Finding Gold Cracks in the Brokenness


                 But now, O Lord, You are our Father, We are the clay, and You our potter;                                                                 'And all of us are the work of Your hand.                                                       - Isaiah 64:8 (NIV)

I’ve always loved pottery. I have not a single piece that I can boast of, but I’m fascinated with the idea of something being formed from clay by the hands of its creator. This continual movement involving the clay and the hands of the potter. Until it’s finished and can be displayed for all to see. It’s an intimate process.

This molding.

This shaping.

This creating.

But what about when you’ve been broken, as we all must at one time or another. Or perhaps a breaking comes more often than we think can be handled. Are we disqualified from what we’ve been called to do? How do we hold anything when we are in pieces? How do we serve others when we feel like we are in the breaking? When despair or pain fills in every gap and crack in our fragile beings?
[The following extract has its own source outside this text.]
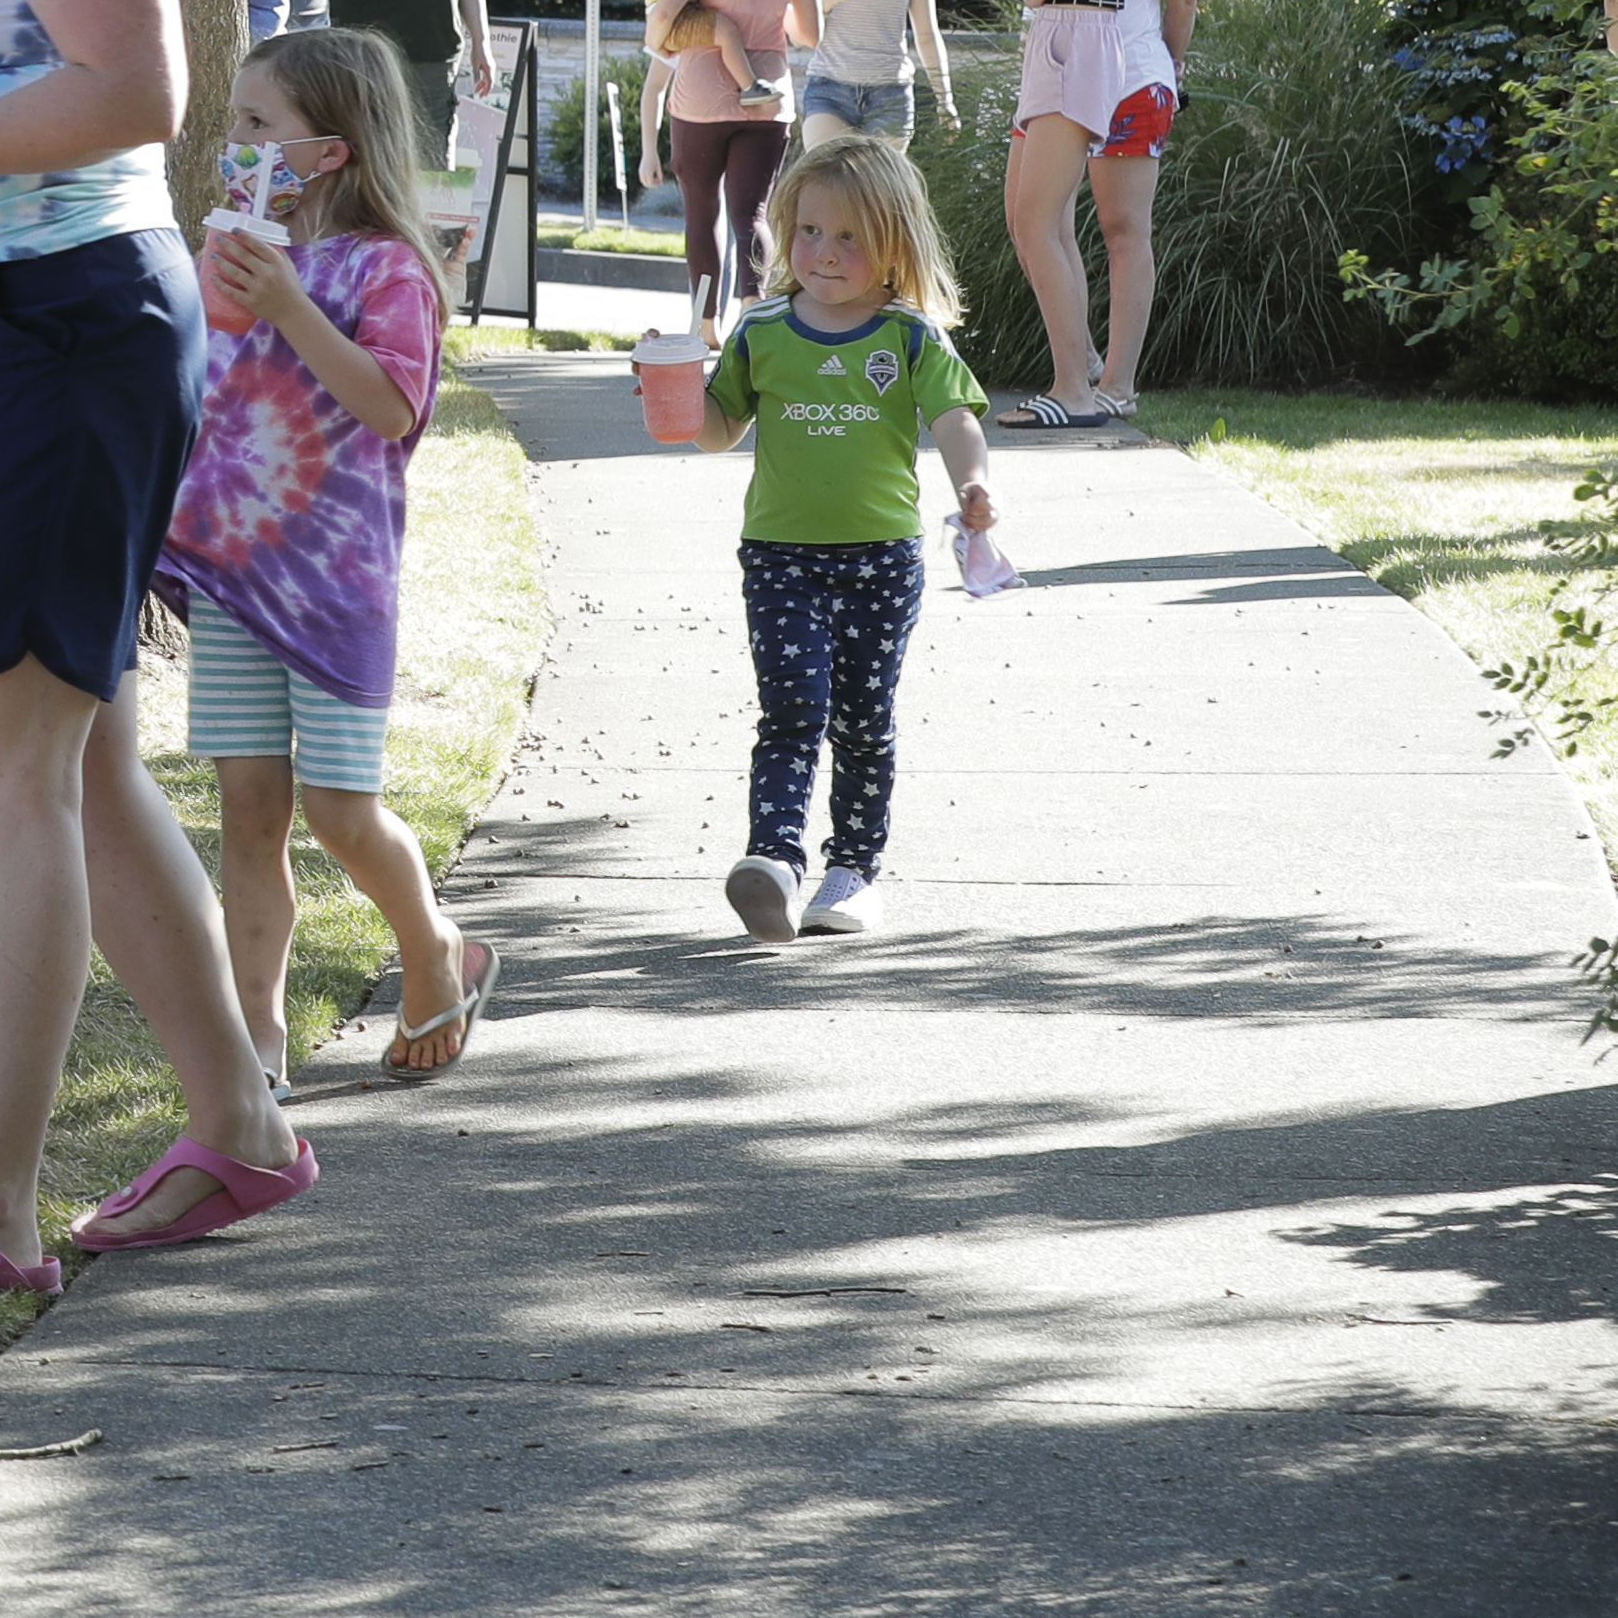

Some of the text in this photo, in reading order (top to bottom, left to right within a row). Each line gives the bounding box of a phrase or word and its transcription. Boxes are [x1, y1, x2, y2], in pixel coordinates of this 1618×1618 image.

More often then not, there are times in my life where I find myself at my weakest. It’s an uncomfortable place to be when I have a desire to be made whole and a longing to be perfected. To be more that who I am.

And in those times, I’m often reminded of a special form of art that celebrates weakness. There is a Japanese tradition known as Kintsugi, which means “golden joinery or golden repair”. An art form that values imperfections and flaws, something I fear. It honors the beauty of brokenness by repairing broken pottery using a gold lacquer created from gold dust.
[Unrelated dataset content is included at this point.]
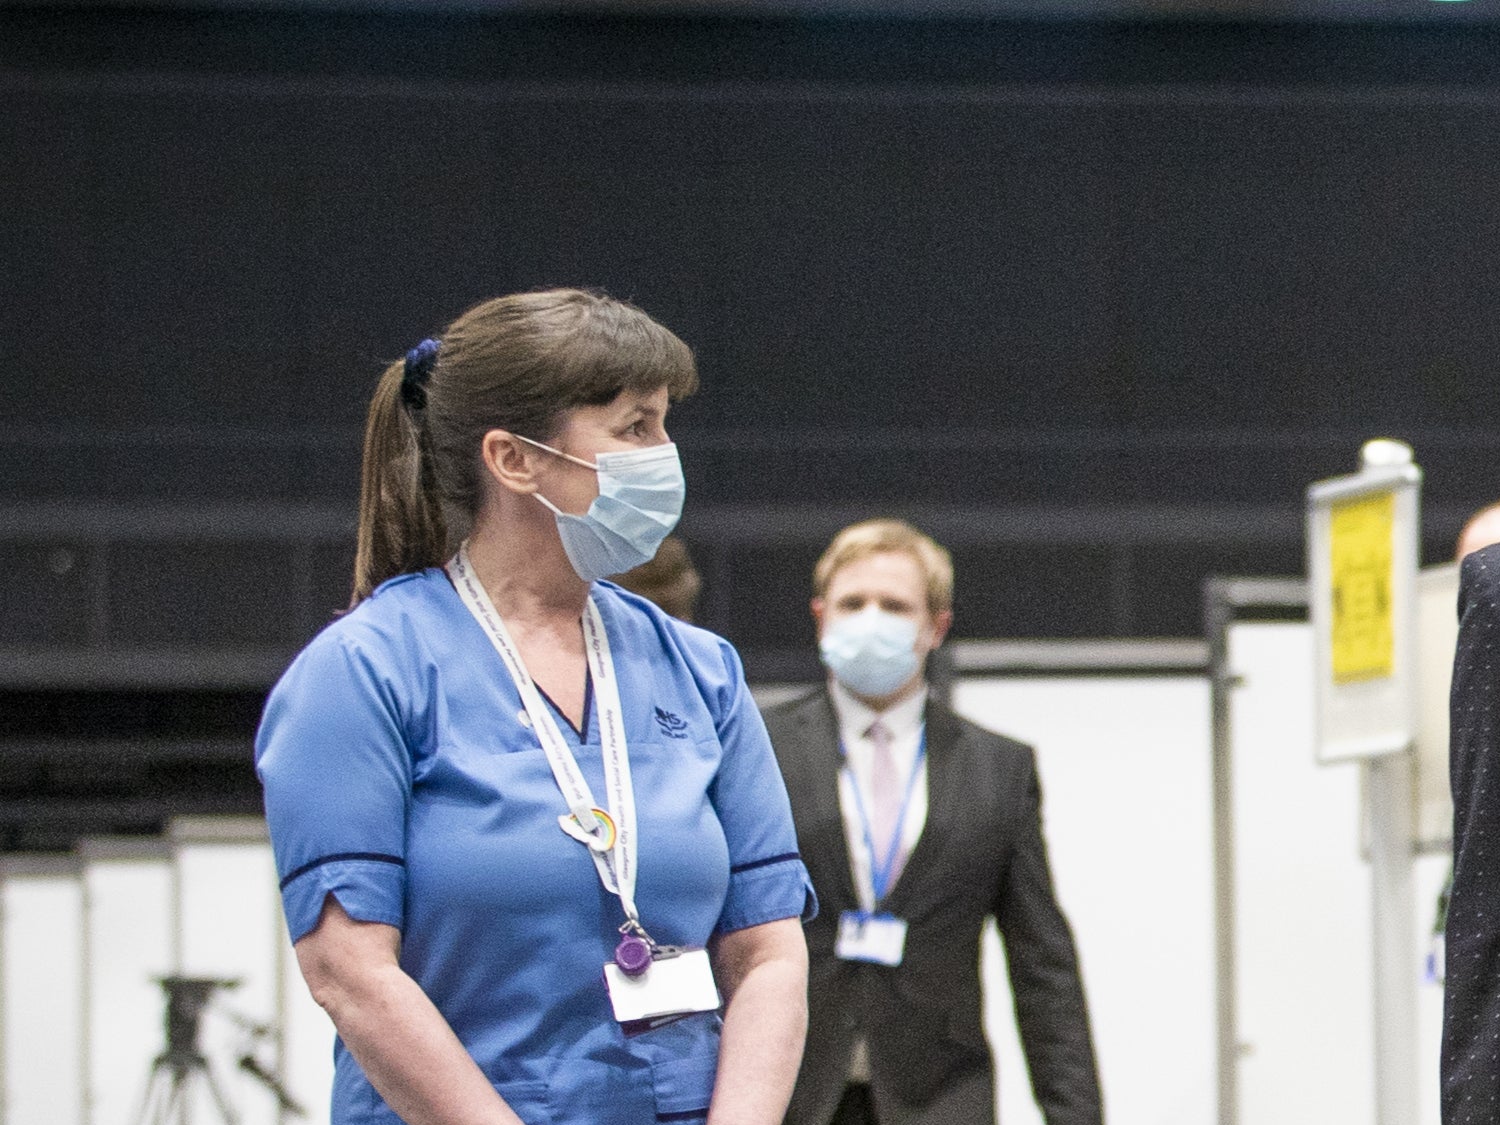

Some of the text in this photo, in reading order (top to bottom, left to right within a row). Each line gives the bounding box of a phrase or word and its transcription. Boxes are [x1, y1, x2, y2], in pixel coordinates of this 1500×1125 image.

[606, 708, 617, 748] Partnership
[619, 829, 629, 845] City
[622, 846, 631, 880] Glasgow
The art is not in the hiding of broken parts but in the highlighting of them.

This is done by reattaching broken pieces with the gold resin, revealing hints of gold throughout the repair. Or, when a piece of the pottery is missing, that space is entirely filled in with the gold lacquer. I often struggle with wanting to appear like I have it all together. I strive for perfection which only seems to leave me holding onto more broken pieces. It’s something I can’t attain. It’s out of reach.
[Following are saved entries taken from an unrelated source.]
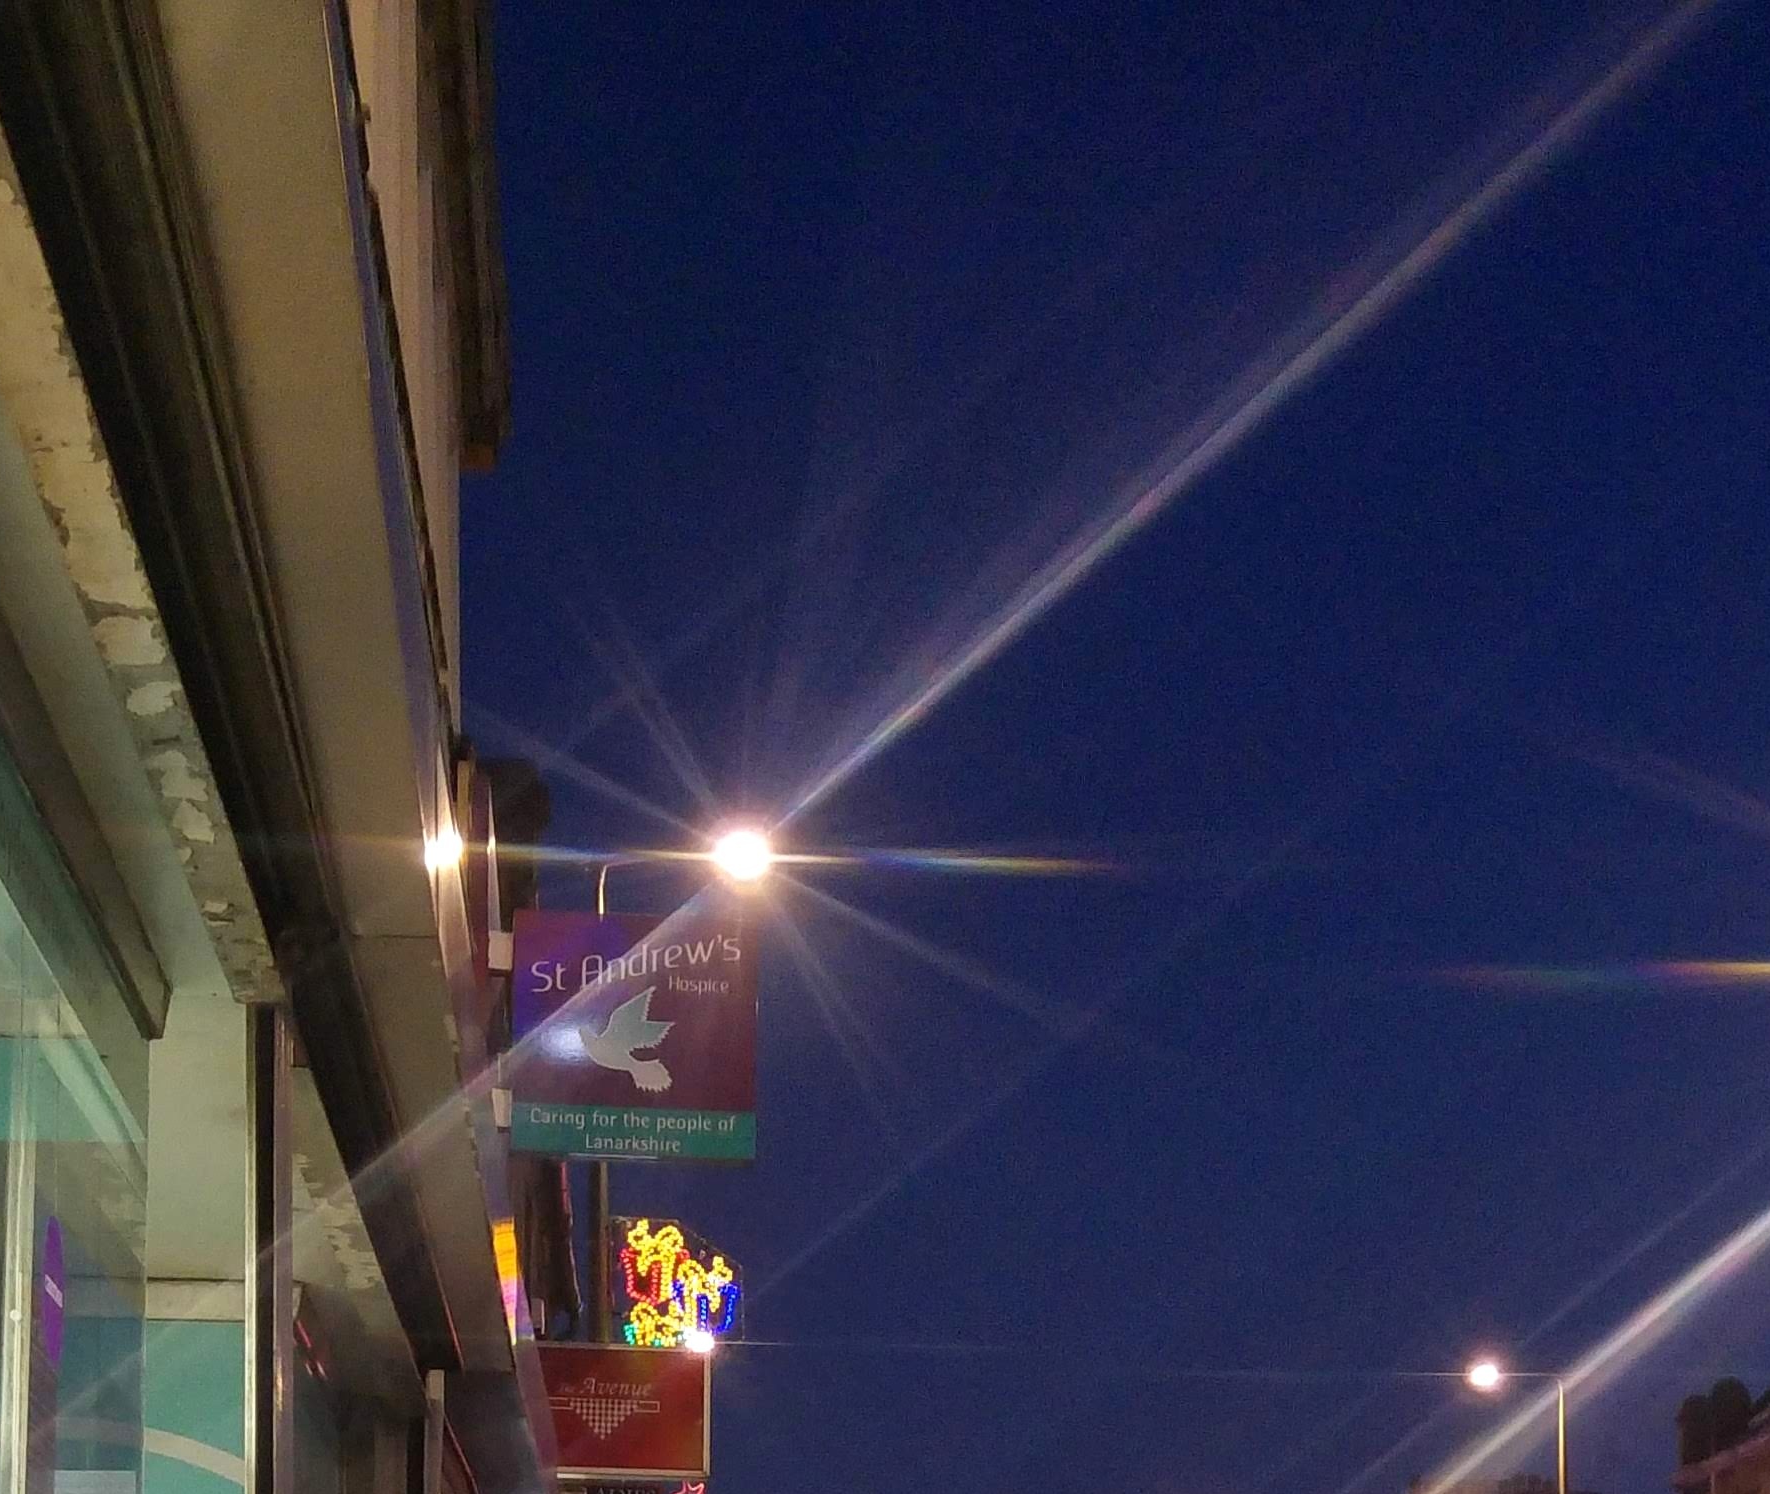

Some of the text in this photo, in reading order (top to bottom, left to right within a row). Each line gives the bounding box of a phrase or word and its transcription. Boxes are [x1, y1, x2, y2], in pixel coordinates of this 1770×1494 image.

[531, 933, 741, 993] St Andrew's
[668, 975, 729, 996] Hospice
[530, 1107, 737, 1134] Caring for the people of
[585, 1133, 681, 1153] Lanarkshire
[580, 1377, 653, 1398] Avenue
But, the Lord is stirring something in me. This idea that in this place of weakness, there is a beauty to be found. A beauty that is deeper than anything I’ve seen with my eyes. It’s found in a sacred space with my Creator, by allowing him to do the work of recreating me. He knows all of me. He created me in my inmost being. But this restoring is not to take me back to who I was. But, a transforming of my scars and wounds into something far greater.

This remolding.

This reshaping.

This recreating.

I am far from finished. You are far from finished. Every part of our stories, the joys and the deep sorrows can be woven together in this constant reshaping of broken beauty. Your scars and broken parts aren’t something to fear or to hide. They are a piece of you that the Lord can restore. To be a creation that holds both grace and grief.

Psalm 147:3 declares, “He heals the brokenhearted and he binds up their wounds.” So, what if He uses His glory as the glue, just as Kintsugi rejoins the cracks and missing pieces with gold. It’s known that once this repair has been done, these ceramics actually become stronger and more resilient. It becomes more valuable than it was before.

Will you trust the potter to continue to remold and reshape you? In this season of struggle or of joy, will you allow him to rework any parts that are thought less than acceptable by you?

But he said to me, “My grace is sufficient for you, for my power is made perfect in weakness.” Therefore I will boast all the more gladly about my weakness, so that Christ’s power my rest on me. That is why, for Christ’s sake, I delight in weaknesses, in insults, in hardships, in persecutions, in difficulties. For when I am weak, then I am strong.

- 2 Corinthians 12:9 – 10 (NIV)

Can we trust the Lord to make us come out stronger and to rest securely in His love and this truth? Though you are far from finished, you are beauty in the making. Trust that He will finish the good work he started in you.

And surrender to the beauty that will begin to shine through.